Polish-French physicist and chemist (1867-1934)

Marya Sklodowska was born in Warsaw on 7 November 1867. She was an autodidact who taught herself the principles of physics and chemistry through experiments in her cousin's laboratory. After working as a governess from 1885 to 1891, she started her studies at the Sorbonne in Paris, graduating in physics in 1893 and in mathematics in 1894.

She became the collaborator of Pierre Curie, who she married in 1895. It is under her married name, Madame Curie, that she came to fame as a researcher in radioactivity. After Pierre's death in 1906 she continued doing research. In 1908 she became the first female professor at the Sorbonne. In 1914 she founded the Radium Institute, whose director she became.

Together with her husband she did research into radioactivity, which had been discovered by Henri Becquerel. In 1898 she isolated the element radium and discovered a new element, polonium, which she named after her native country. In 1903 she took her doctoral degree and received - together with Pierre Curie and Henri Bequerel - the Nobel Prize for physics.
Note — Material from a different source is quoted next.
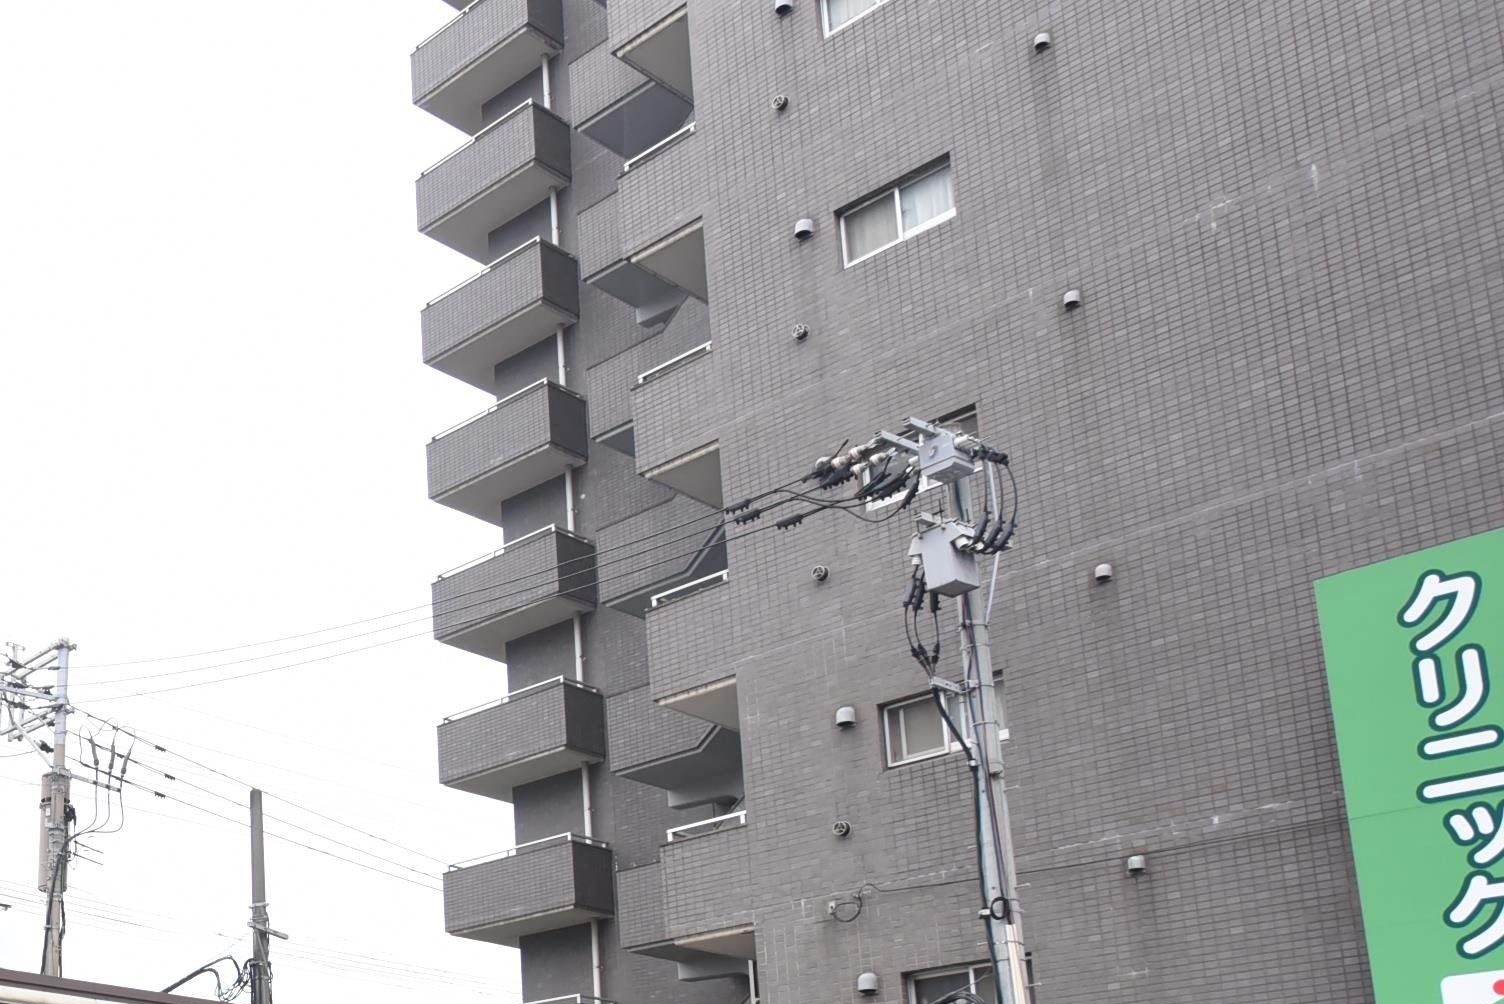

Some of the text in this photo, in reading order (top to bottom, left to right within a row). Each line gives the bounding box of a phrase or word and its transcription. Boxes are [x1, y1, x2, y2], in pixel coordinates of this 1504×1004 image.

[1397, 570, 1504, 960] クリニック
In 1911 she received the Nobel Prize a second time, this time for chemistry. At the Radium Institute, research was done on the possible application of radioactive radiations, for example in the fight against cancer. In the First World War she researched radiography and used radiotherapy in the French army.

Regularly exposed to overdoses of radiation during her research, Marie Curie died of leukaemia on 4th July1934.